I dare say, una nota sobre Augur 2.0 de Karen Langevin
En el material publicitario leemos que Augur era un personaje de la Antigua Roma encargado de hacer presagios basándose en el vuelo de los pájaros. No lo sabía, pero me encontré en un estado similar de sortilegio mirando a Langevin retroceder en el espacio casi al final del evento. Se fue aérea, envuelta en nuestro agradecimiento. El sonido de Joel Rodríguez y los visuales de vídeo de Arnaldo Bagué habían conjurado con ella para descifrar el porvenir de varios espectadores y brindarles respuestas a sus importantes preguntas.
Dice el comunicado de prensa que Augur es una reflexión sobre “el tiempo, la presencia y el presagio”. Yo entendí que se trataba del lenguaje. El movimiento de Langevin, la iluminación del espacio a cargo de Juan Fernando Morales, y los lenguajes escénicos que mencioné arriba jugaron entre sí y con el espacio hasta encontrar un libreto multi-formas que en ese vaivén cilíndrico del Polvorín avanzaba y retrocedía transformando el punto focal, las tonalidades y temperaturas, las relaciones entre los artistas y entre ellos y nosotros, y nuestra capacidad para escuchar. ¡Qué difícil es que el lenguaje hablado, «el común, el de todos los días”, forme parte de ese juego de signos y significaciones en el espacio escénico junto a todos los demás! Que no irrumpa con mayor autoridad. Que no frene la creación imaginativa que cada uno de nosotros está hilvanando con su propio hilo como testigos y coautores de la pieza.
De inicio, el discurso filosófico de Augur 2.0 entorpeció ese proceso para esta espectadora. En el momento en que empezaba a sentir que los enunciados amenazaban con borrar el mundo que la pieza estaba creando, yo con ella, deseé que el decir dejara de ser coherente.

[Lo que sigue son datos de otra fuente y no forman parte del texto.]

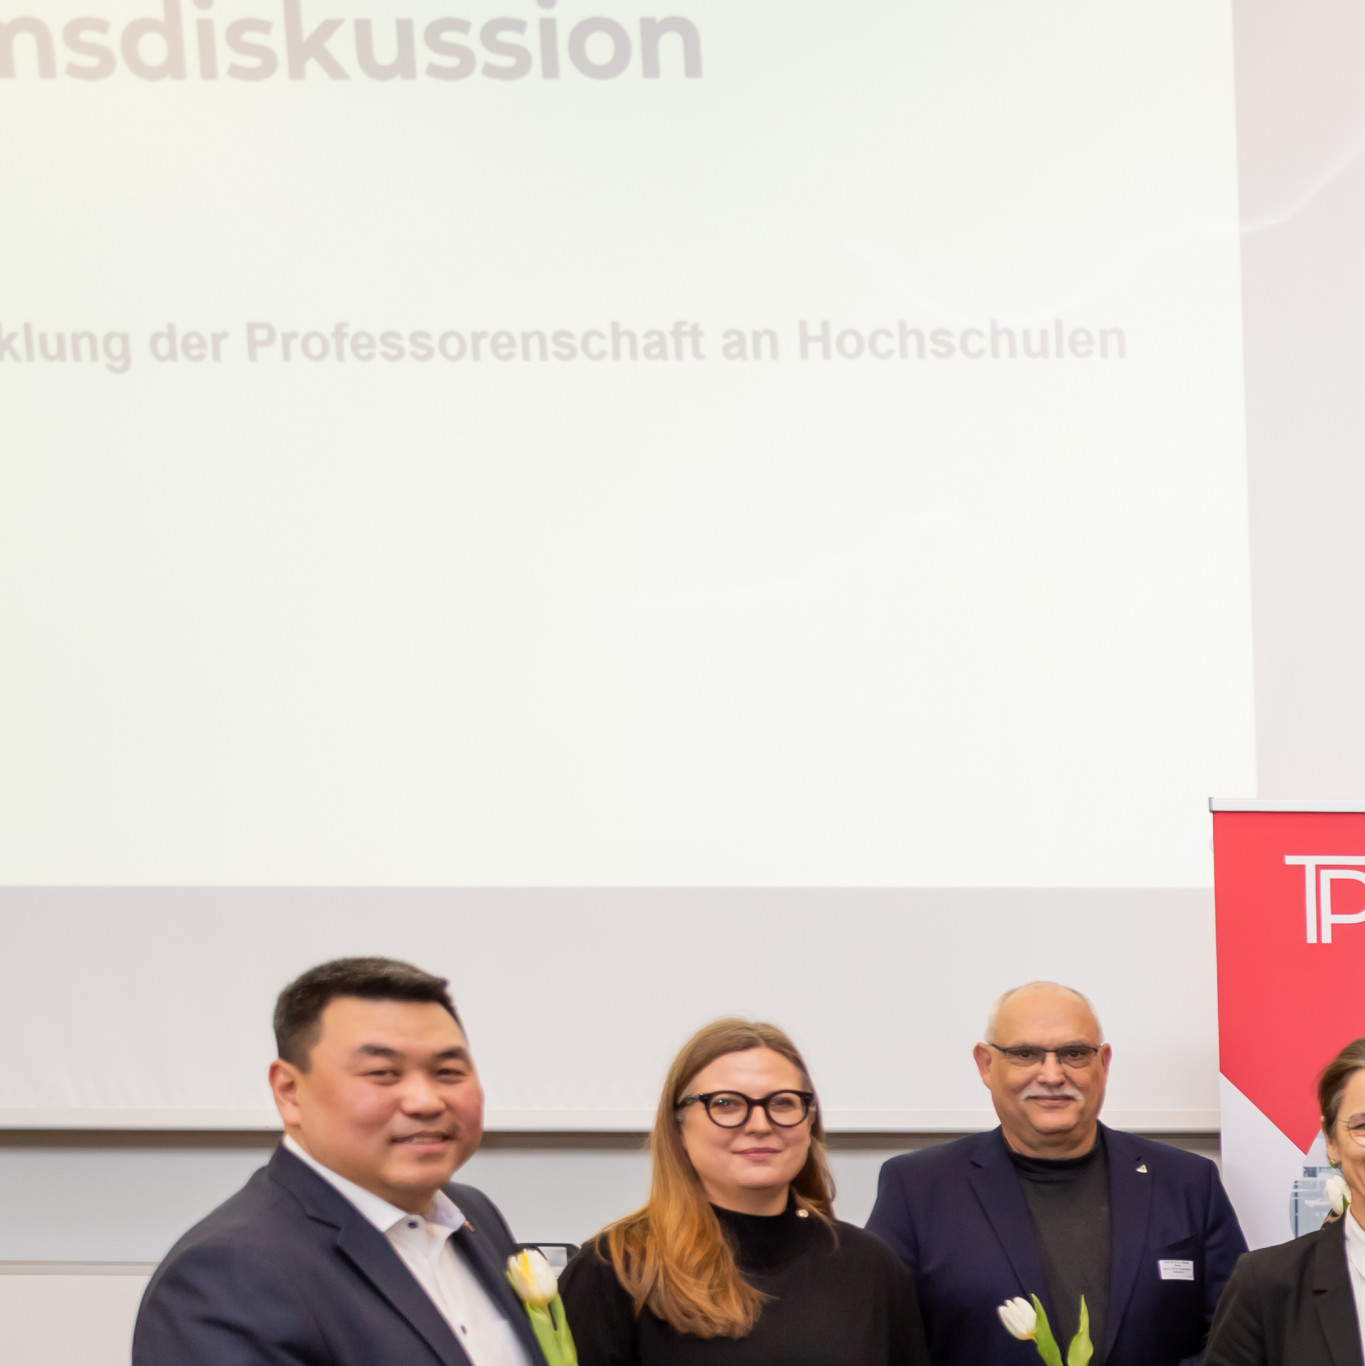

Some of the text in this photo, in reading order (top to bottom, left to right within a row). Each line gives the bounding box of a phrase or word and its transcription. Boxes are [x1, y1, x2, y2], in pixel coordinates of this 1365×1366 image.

[0, 318, 1129, 374] klung der Professorenschaft an Hochschulen

En ese mismo instante, Langevin comenzó a hablar de atrás pa’lante, en una jeringonza fonética, antesala de los presagios por venir. ¿Conjuro de estos?
En Augur 2.0 tuvimos la dicha de quedar envueltos en un tejido sensorial tan rico y diverso que lo mismo recuerdo una nube de pájaros negros (que escuché), que una montaña plácida pero sicodélica al amanecer (que vi en el techo), que la definición del límite del delicado piso de madera por el cuerpo de la bailarina. Las palabras dijeron, el sonido creó, las imágenes bailaron, el baile dibujó materias geológicas diversas y en transformación dentro de los contornos del cuerpo femenino. Esa confluencia de lenguajes, me parece, resulta de la confianza y familiaridad entre los colaboradores y sus elementos. Familiaridad y confianza que son prerrequisitos del riesgo, el juego, el hallazgo. Y así fue que fuimos testigos del oráculo de la colaboración artística. Porque llamados a la improvisación, todos los presentes comulgamos en la confianza de ese conjuro terrenal, en el devenir de un presente hecho por todos.